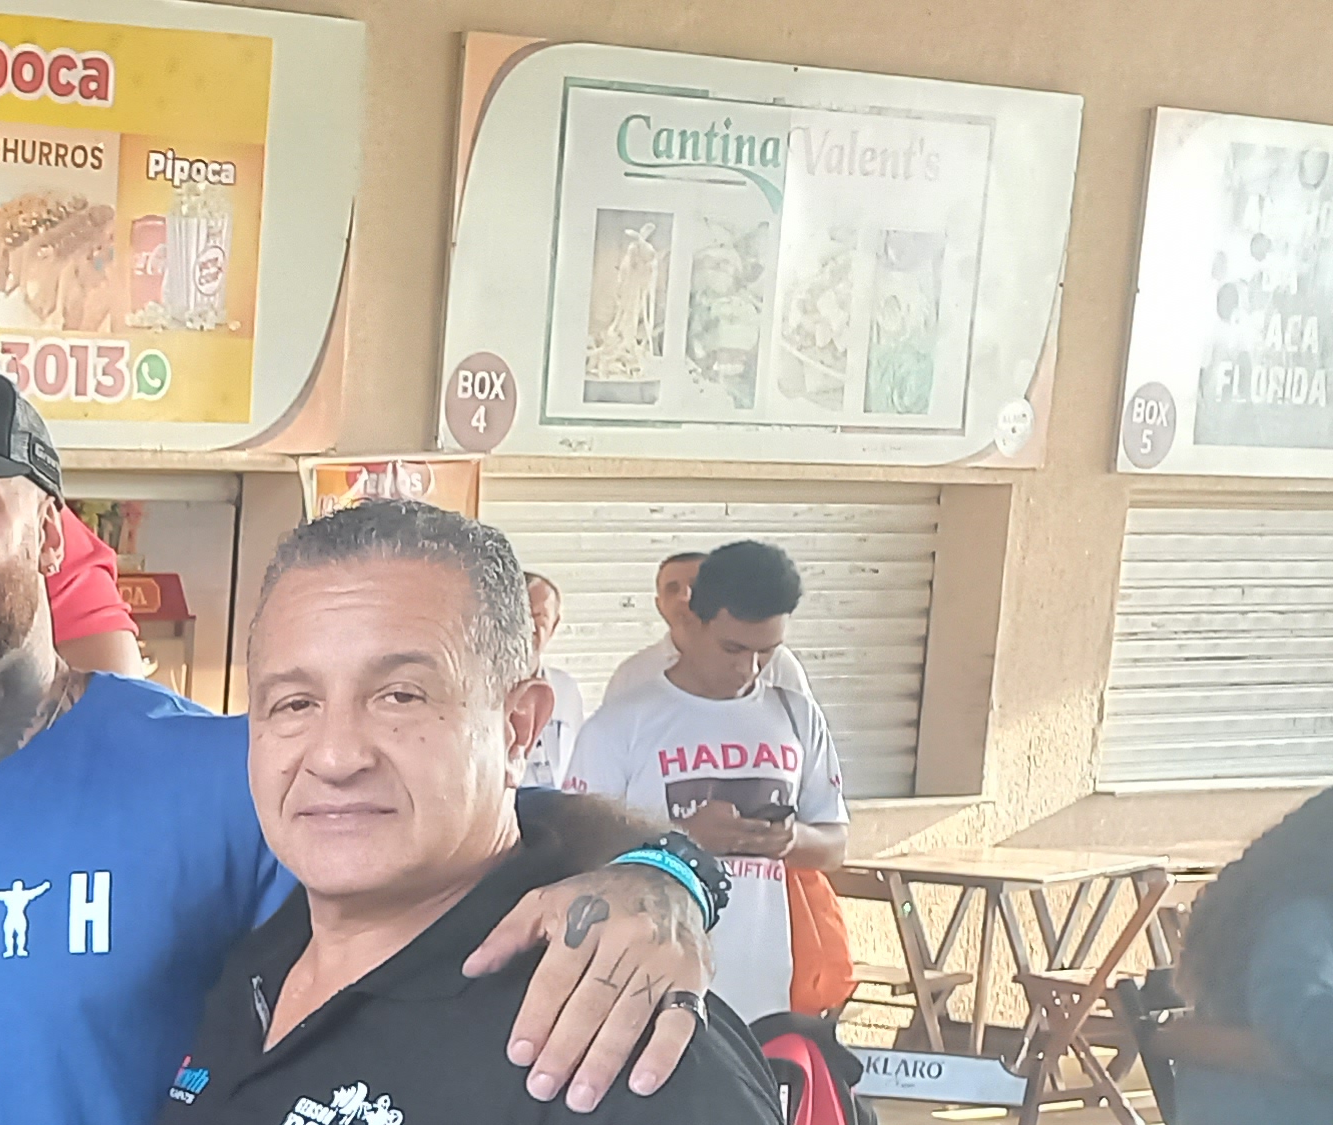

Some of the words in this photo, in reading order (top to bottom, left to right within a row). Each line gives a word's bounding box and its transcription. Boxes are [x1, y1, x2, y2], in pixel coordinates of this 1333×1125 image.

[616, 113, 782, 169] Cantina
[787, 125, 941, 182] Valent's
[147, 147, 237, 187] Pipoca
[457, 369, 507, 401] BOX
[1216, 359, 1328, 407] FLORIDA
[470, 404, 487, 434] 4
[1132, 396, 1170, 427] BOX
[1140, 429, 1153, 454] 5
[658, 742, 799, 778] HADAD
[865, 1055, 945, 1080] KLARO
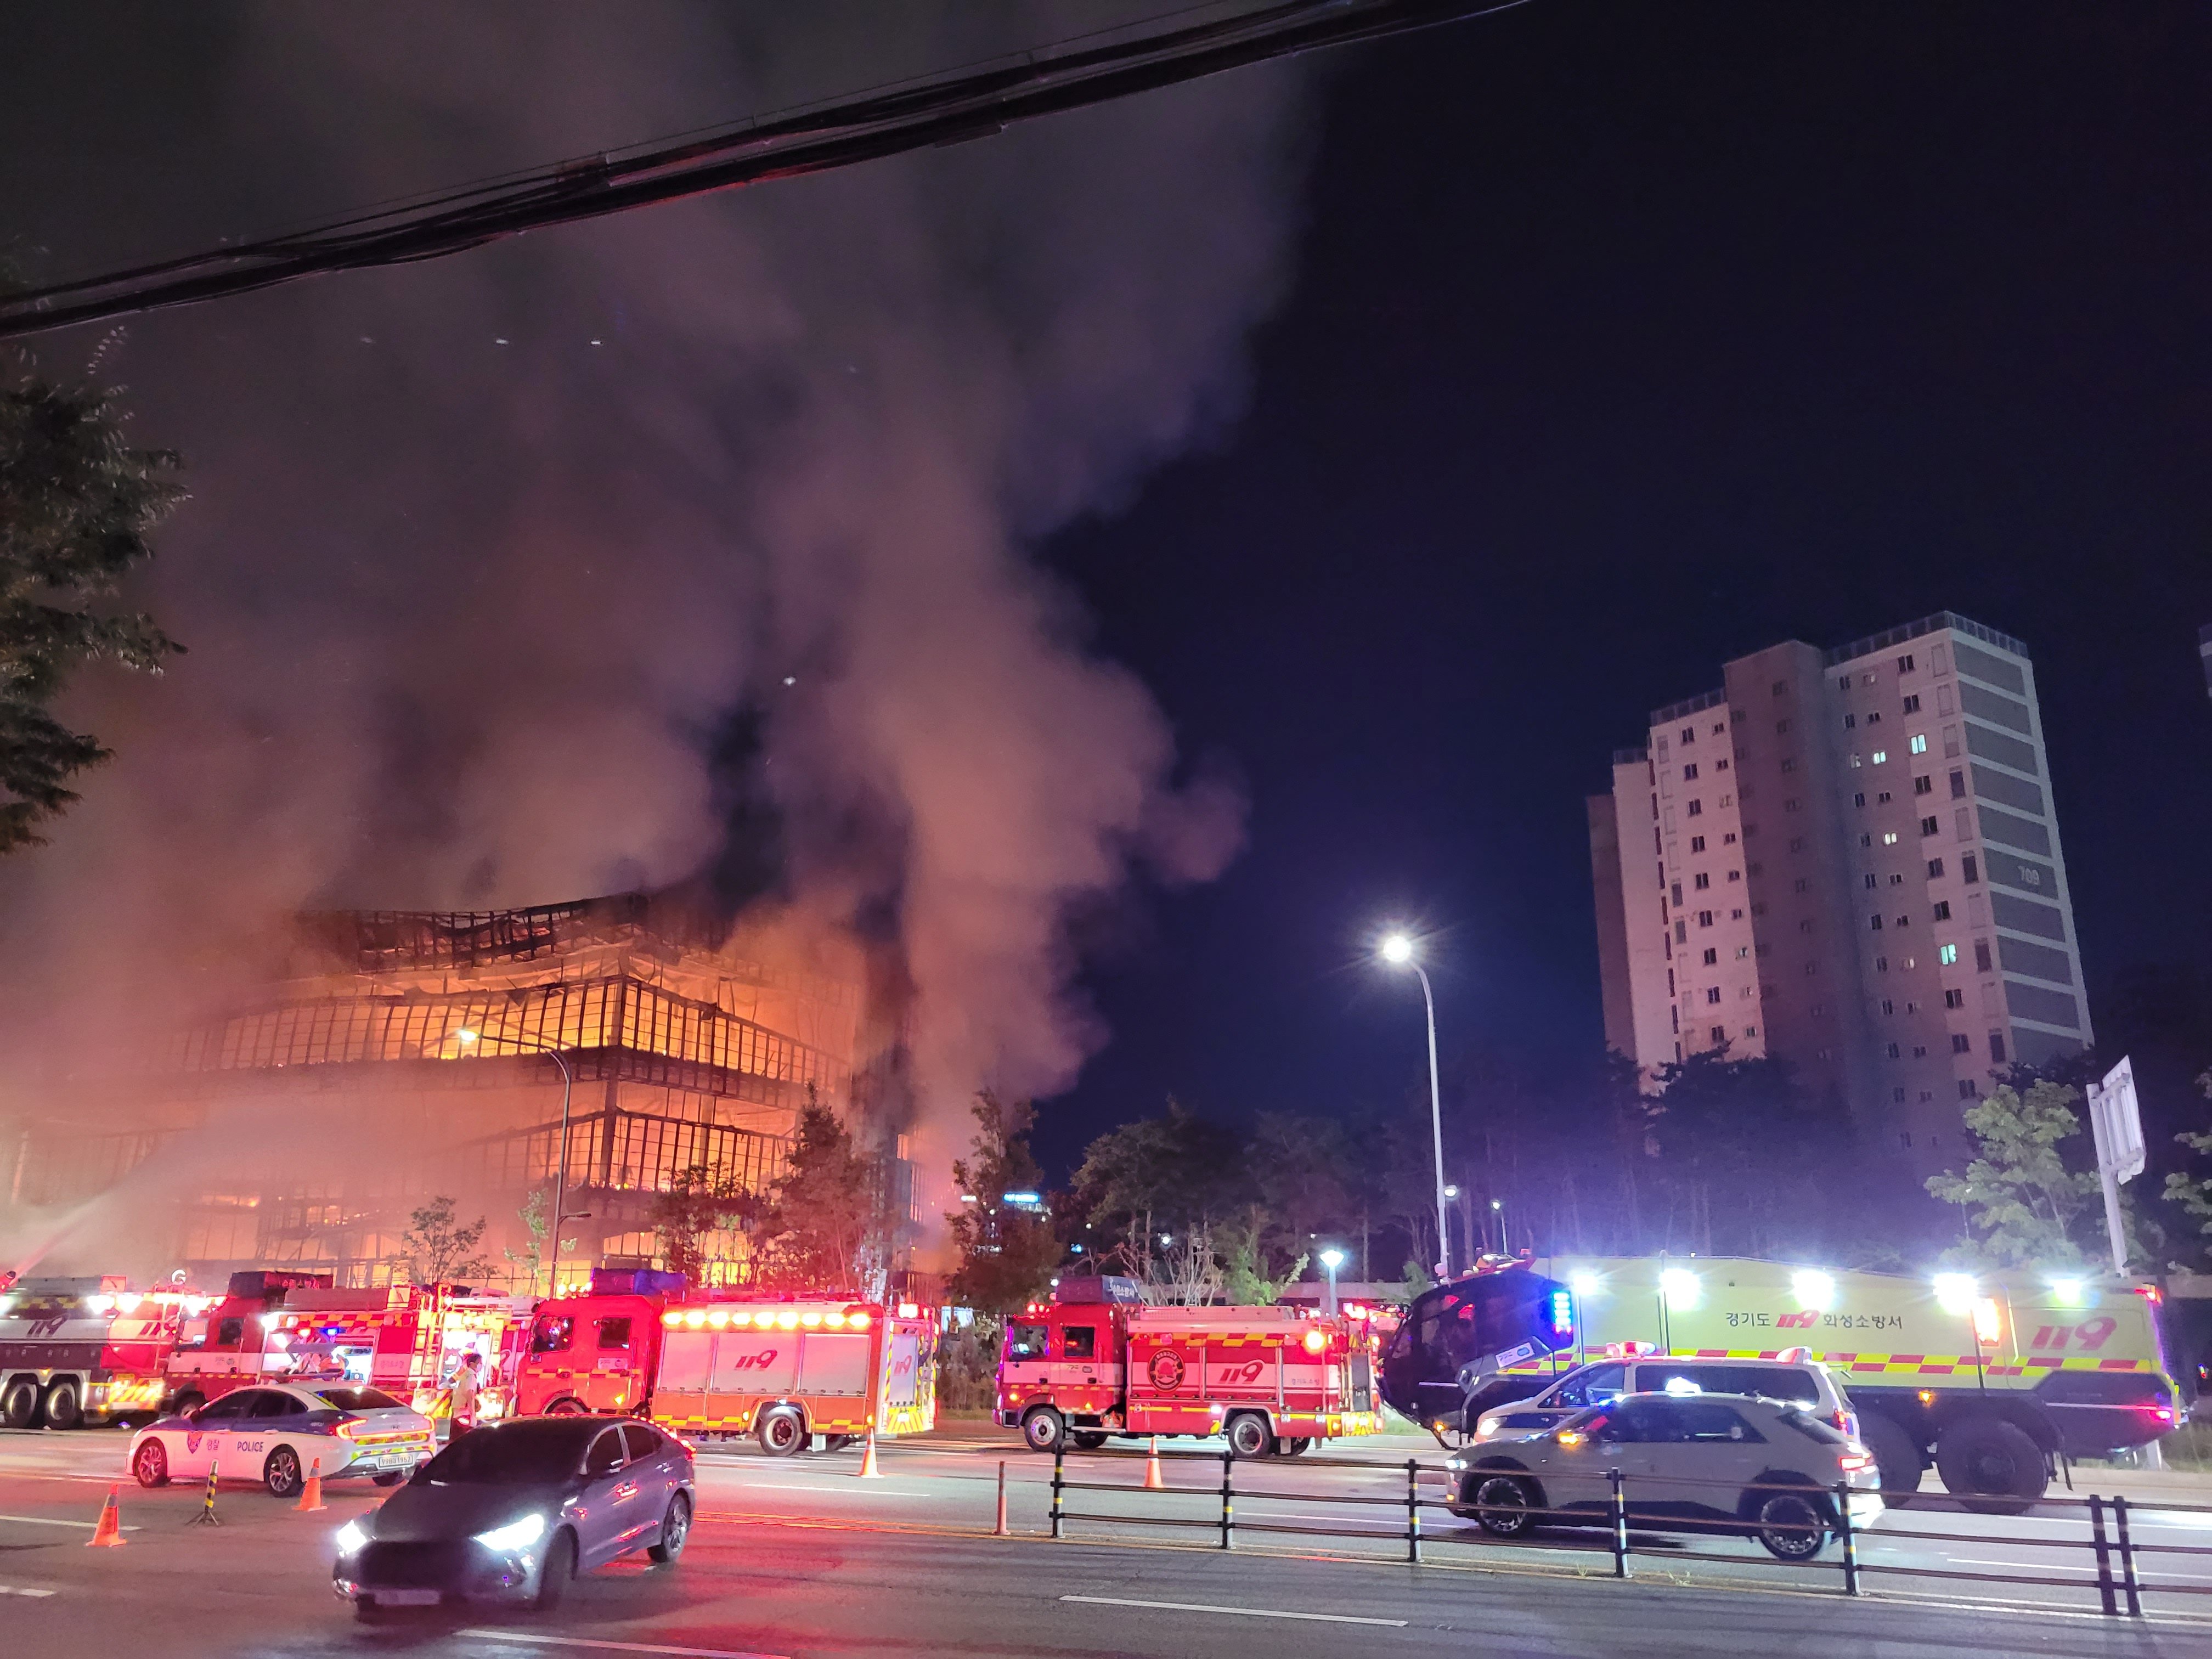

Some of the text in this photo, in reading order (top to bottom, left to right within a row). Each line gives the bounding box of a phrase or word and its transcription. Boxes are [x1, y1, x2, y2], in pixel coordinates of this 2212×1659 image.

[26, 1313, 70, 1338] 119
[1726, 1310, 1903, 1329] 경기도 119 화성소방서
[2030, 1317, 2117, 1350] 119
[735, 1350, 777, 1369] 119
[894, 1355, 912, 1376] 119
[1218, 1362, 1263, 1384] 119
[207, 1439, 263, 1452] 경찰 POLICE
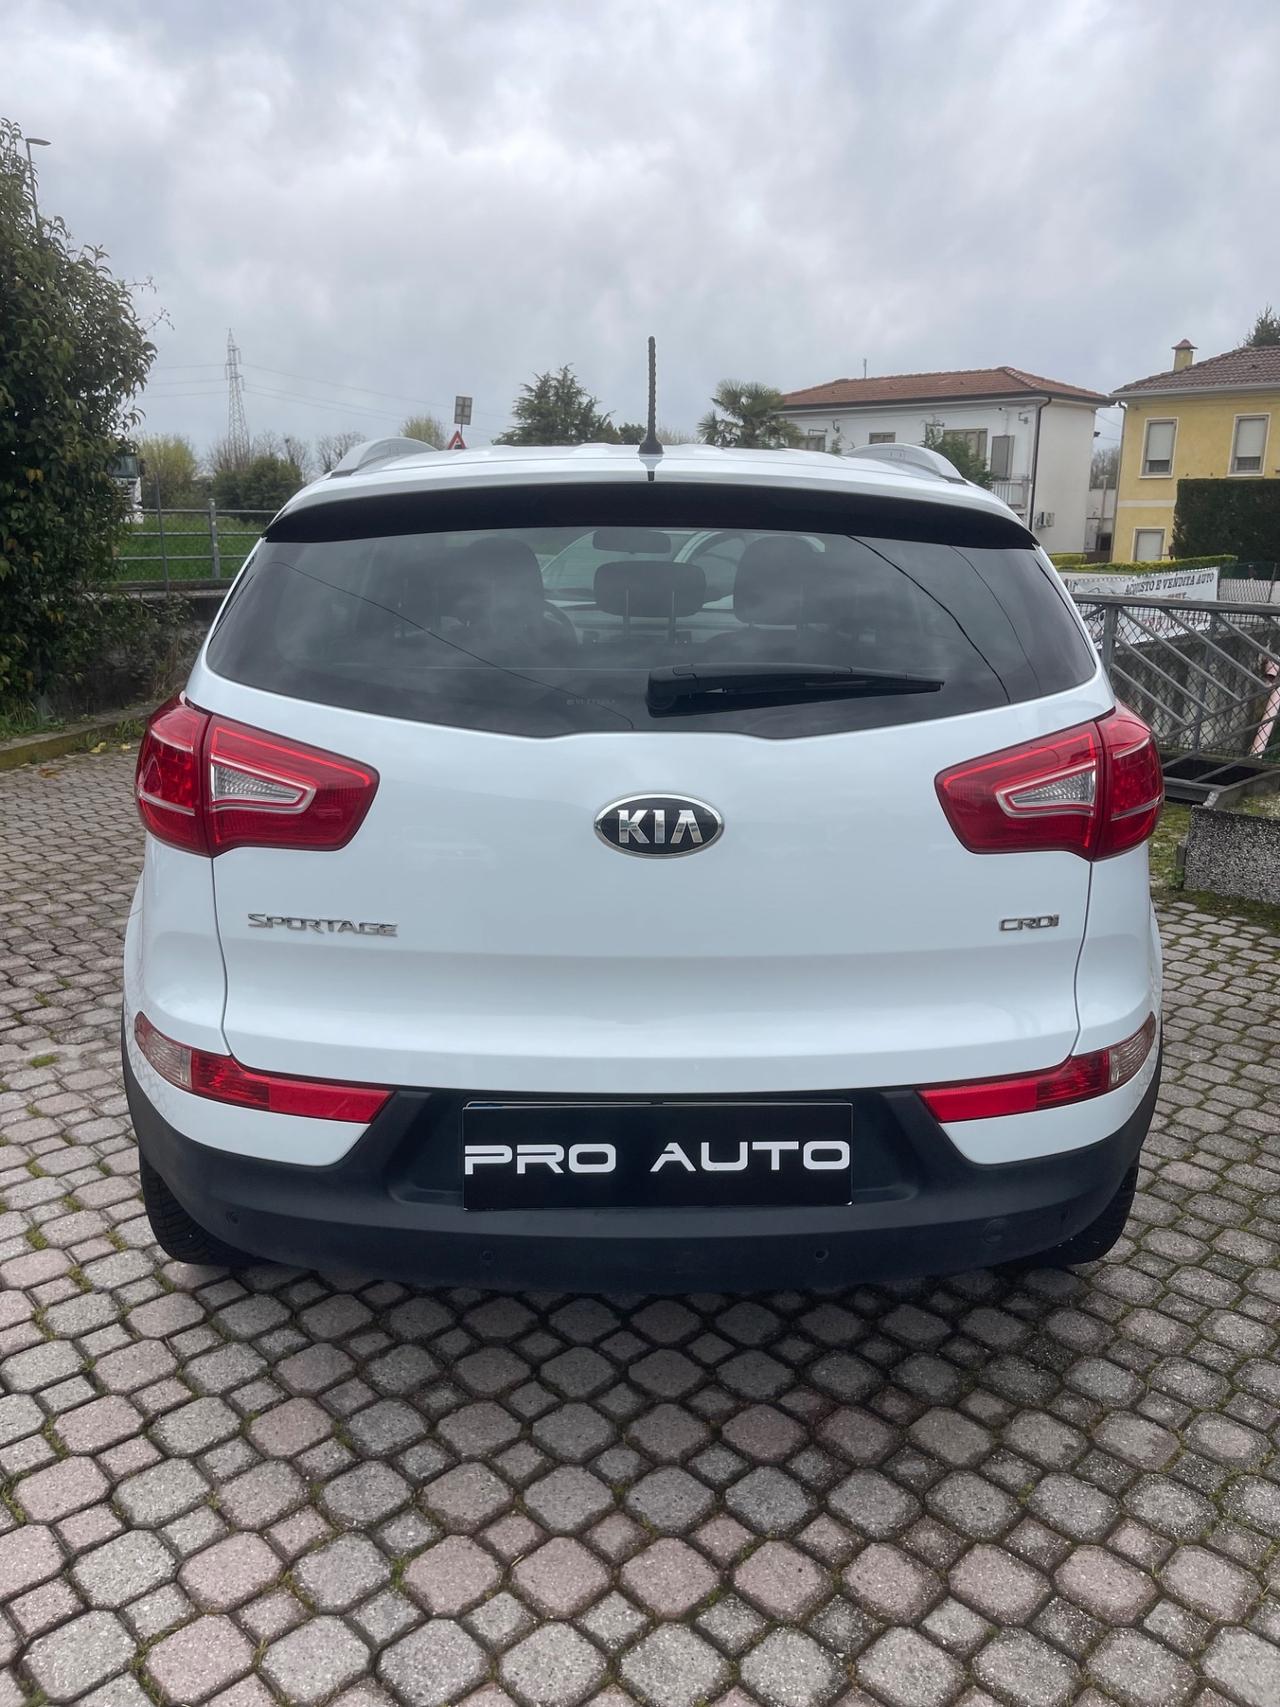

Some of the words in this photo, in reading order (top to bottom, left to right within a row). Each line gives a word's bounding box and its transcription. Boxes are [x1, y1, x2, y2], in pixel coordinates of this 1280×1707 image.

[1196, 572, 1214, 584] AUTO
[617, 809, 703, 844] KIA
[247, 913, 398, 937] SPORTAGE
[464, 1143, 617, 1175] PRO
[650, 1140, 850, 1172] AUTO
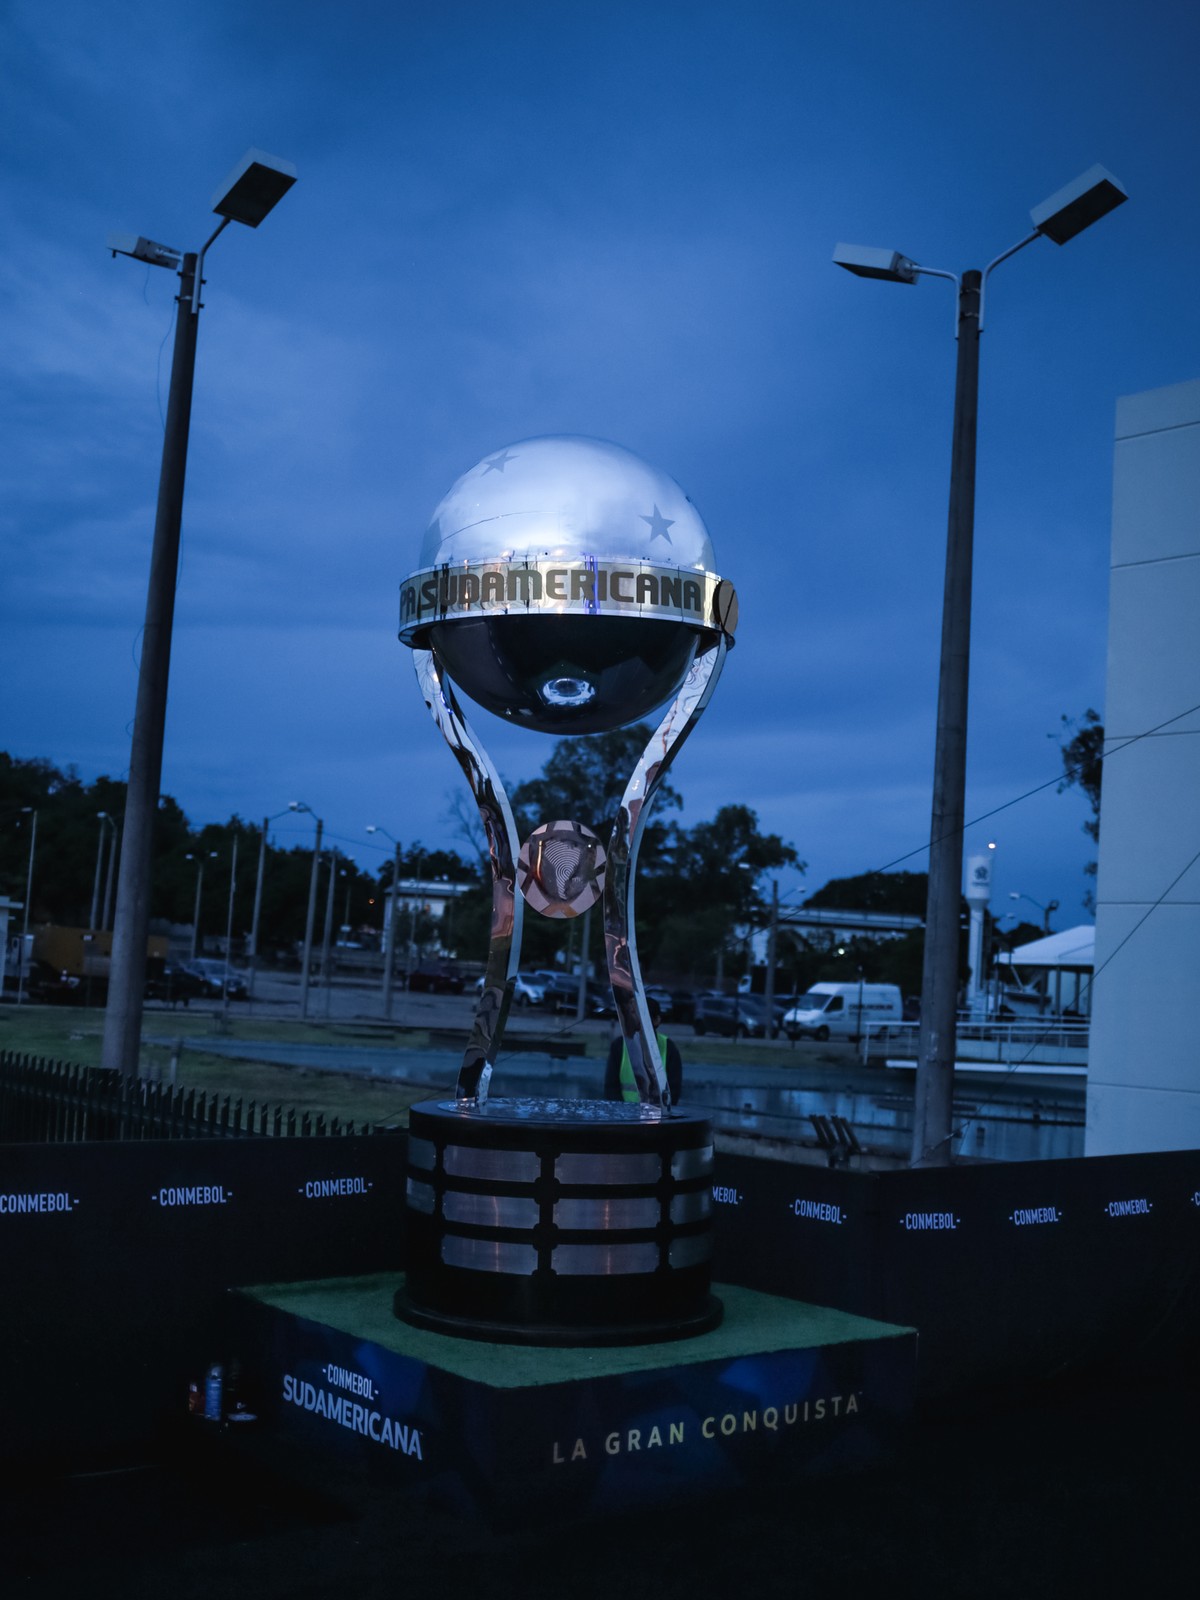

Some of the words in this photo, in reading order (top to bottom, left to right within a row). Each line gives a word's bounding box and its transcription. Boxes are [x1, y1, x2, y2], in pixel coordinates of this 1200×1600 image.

------------------------

What the exercise asks = I need the lines from the one containing "Some of the text" through the end of the records retyped exactly, with the pictures left out.

Finished task =
Some of the text in this photo, in reading order (top to bottom, left to right within a row). Each line gives the bounding box of a phrase or word and its transcription. Boxes are [x1, y1, x2, y2], in pixel coordinates of this 2212×1659 image.

[26, 1313, 70, 1338] 119
[1726, 1310, 1903, 1329] 경기도 119 화성소방서
[2030, 1317, 2117, 1350] 119
[735, 1350, 777, 1369] 119
[894, 1355, 912, 1376] 119
[1218, 1362, 1263, 1384] 119
[207, 1439, 263, 1452] 경찰 POLICE

Some of the words in this photo, in reading order (top to bottom, left to right within a row). Each line gives a word's bounding box and its transcription. Boxes are [x1, y1, x2, y2], in pixel coordinates of this 1280×1707 image.

[1196, 572, 1214, 584] AUTO
[617, 809, 703, 844] KIA
[247, 913, 398, 937] SPORTAGE
[464, 1143, 617, 1175] PRO
[650, 1140, 850, 1172] AUTO

Some of the words in this photo, in reading order (top to bottom, left to right within a row). Each line gives a word's bounding box and its transcription. Boxes are [x1, y1, x2, y2], in pixel coordinates of this 1200×1600 image.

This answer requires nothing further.